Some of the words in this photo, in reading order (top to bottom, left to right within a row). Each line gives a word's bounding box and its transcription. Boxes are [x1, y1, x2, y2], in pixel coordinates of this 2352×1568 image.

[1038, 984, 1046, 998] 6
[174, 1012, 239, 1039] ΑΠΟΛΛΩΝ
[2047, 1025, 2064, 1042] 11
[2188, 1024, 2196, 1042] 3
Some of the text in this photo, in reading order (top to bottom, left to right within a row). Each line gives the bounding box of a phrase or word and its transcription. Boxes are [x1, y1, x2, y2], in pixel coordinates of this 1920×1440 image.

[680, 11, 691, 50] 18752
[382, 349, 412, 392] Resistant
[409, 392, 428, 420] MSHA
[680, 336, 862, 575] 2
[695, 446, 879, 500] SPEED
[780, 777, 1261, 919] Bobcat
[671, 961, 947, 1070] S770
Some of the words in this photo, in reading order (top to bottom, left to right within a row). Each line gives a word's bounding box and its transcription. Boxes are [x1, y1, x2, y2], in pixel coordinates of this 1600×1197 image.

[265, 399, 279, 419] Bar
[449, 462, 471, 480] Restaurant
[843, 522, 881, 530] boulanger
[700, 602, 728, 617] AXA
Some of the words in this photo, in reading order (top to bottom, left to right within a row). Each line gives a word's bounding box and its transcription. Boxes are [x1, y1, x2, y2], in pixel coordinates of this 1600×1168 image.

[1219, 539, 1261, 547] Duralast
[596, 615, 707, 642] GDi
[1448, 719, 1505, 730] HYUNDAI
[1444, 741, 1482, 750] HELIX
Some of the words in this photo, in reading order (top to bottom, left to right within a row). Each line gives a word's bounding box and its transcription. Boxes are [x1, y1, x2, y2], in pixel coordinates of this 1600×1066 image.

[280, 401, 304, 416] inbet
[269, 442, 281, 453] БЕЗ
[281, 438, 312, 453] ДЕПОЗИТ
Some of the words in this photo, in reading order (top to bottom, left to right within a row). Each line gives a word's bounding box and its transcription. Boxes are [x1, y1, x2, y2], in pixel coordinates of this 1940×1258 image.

============

Repeat the material above precisely.

Some of the words in this photo, in reading order (top to bottom, left to right within a row). Each line gives a word's bounding box and its transcription. Boxes are [x1, y1, x2, y2], in pixel coordinates of this 2352×1568 image.

[1038, 984, 1046, 998] 6
[174, 1012, 239, 1039] ΑΠΟΛΛΩΝ
[2047, 1025, 2064, 1042] 11
[2188, 1024, 2196, 1042] 3
Some of the text in this photo, in reading order (top to bottom, left to right within a row). Each line gives the bounding box of a phrase or word and its transcription. Boxes are [x1, y1, x2, y2], in pixel coordinates of this 1920×1440 image.

[680, 11, 691, 50] 18752
[382, 349, 412, 392] Resistant
[409, 392, 428, 420] MSHA
[680, 336, 862, 575] 2
[695, 446, 879, 500] SPEED
[780, 777, 1261, 919] Bobcat
[671, 961, 947, 1070] S770
Some of the words in this photo, in reading order (top to bottom, left to right within a row). Each line gives a word's bounding box and its transcription. Boxes are [x1, y1, x2, y2], in pixel coordinates of this 1600×1197 image.

[265, 399, 279, 419] Bar
[449, 462, 471, 480] Restaurant
[843, 522, 881, 530] boulanger
[700, 602, 728, 617] AXA
Some of the words in this photo, in reading order (top to bottom, left to right within a row). Each line gives a word's bounding box and its transcription. Boxes are [x1, y1, x2, y2], in pixel coordinates of this 1600×1168 image.

[1219, 539, 1261, 547] Duralast
[596, 615, 707, 642] GDi
[1448, 719, 1505, 730] HYUNDAI
[1444, 741, 1482, 750] HELIX
Some of the words in this photo, in reading order (top to bottom, left to right within a row). Each line gives a word's bounding box and its transcription. Boxes are [x1, y1, x2, y2], in pixel coordinates of this 1600×1066 image.

[280, 401, 304, 416] inbet
[269, 442, 281, 453] БЕЗ
[281, 438, 312, 453] ДЕПОЗИТ
Some of the words in this photo, in reading order (top to bottom, left to right within a row). Each line gives a word's bounding box and its transcription. Boxes are [x1, y1, x2, y2], in pixel coordinates of this 1940×1258 image.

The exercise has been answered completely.